====== DATA

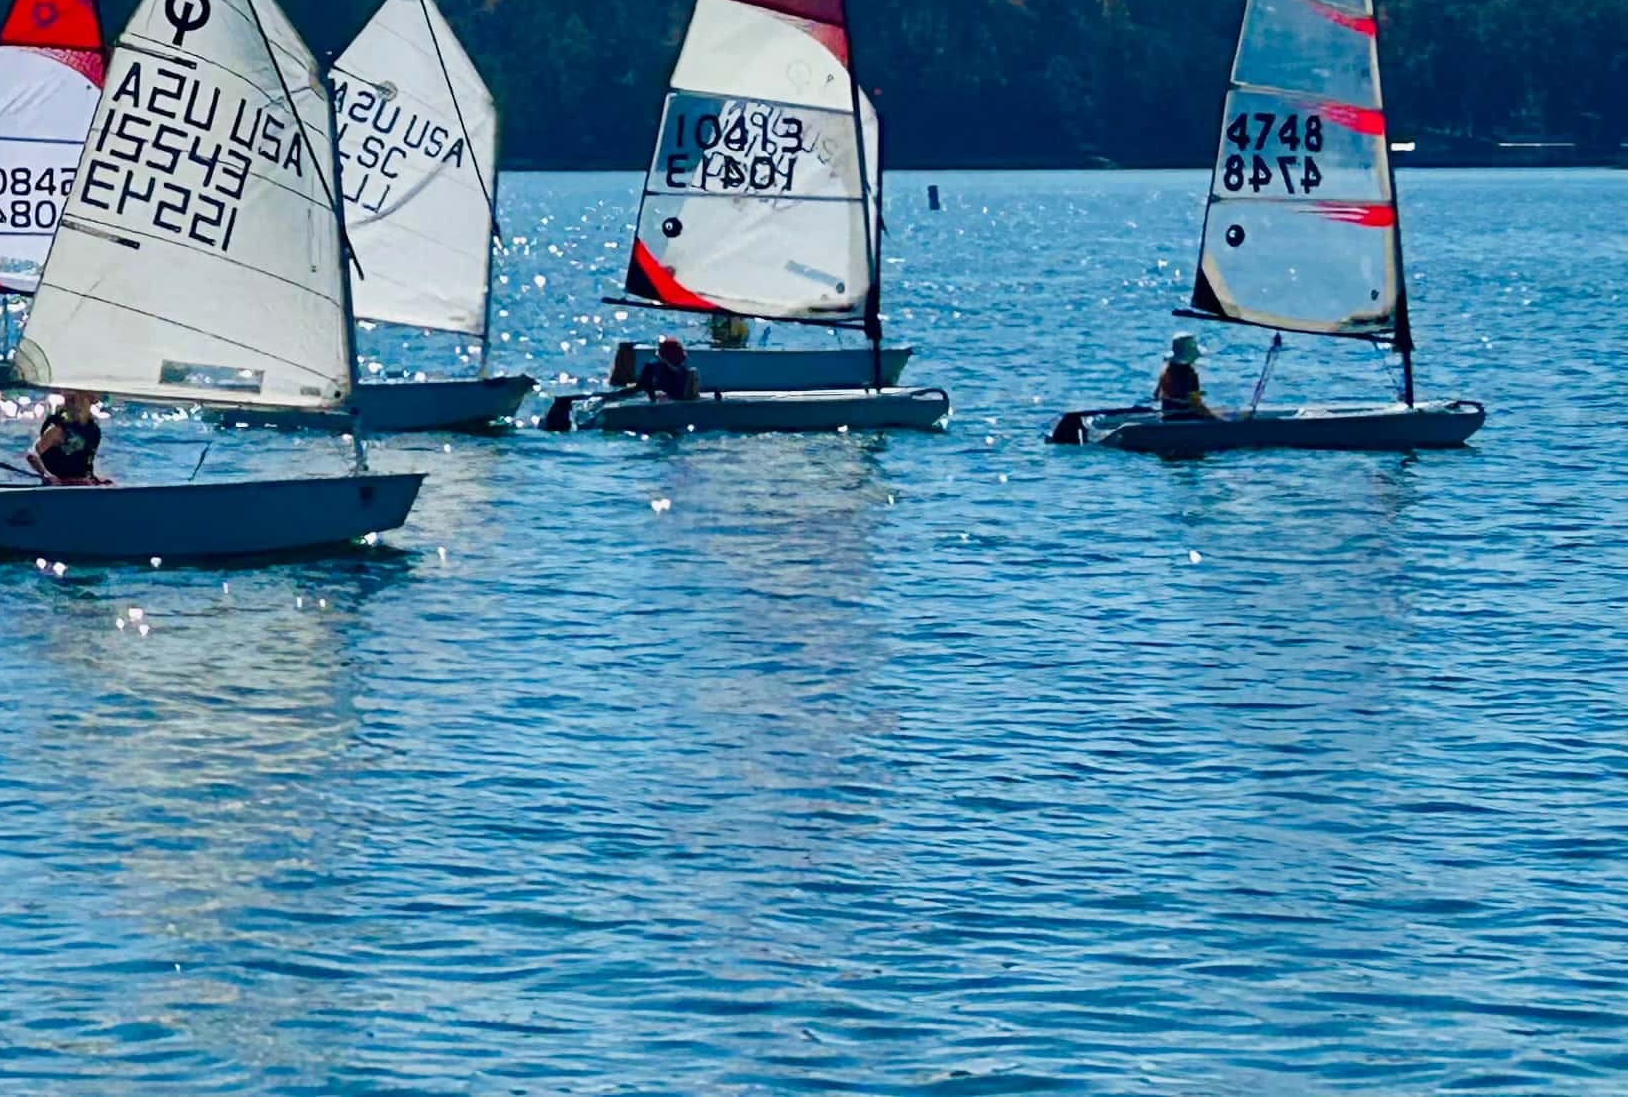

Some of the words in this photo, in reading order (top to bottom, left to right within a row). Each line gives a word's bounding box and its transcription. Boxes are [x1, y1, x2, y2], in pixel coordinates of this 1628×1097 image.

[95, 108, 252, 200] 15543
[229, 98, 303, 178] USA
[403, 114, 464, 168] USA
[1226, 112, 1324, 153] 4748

============

Print every record above exactly as written, leaving out the pictures.

Some of the words in this photo, in reading order (top to bottom, left to right within a row). Each line gives a word's bounding box and its transcription. Boxes are [x1, y1, x2, y2], in pixel coordinates of this 1628×1097 image.

[95, 108, 252, 200] 15543
[229, 98, 303, 178] USA
[403, 114, 464, 168] USA
[1226, 112, 1324, 153] 4748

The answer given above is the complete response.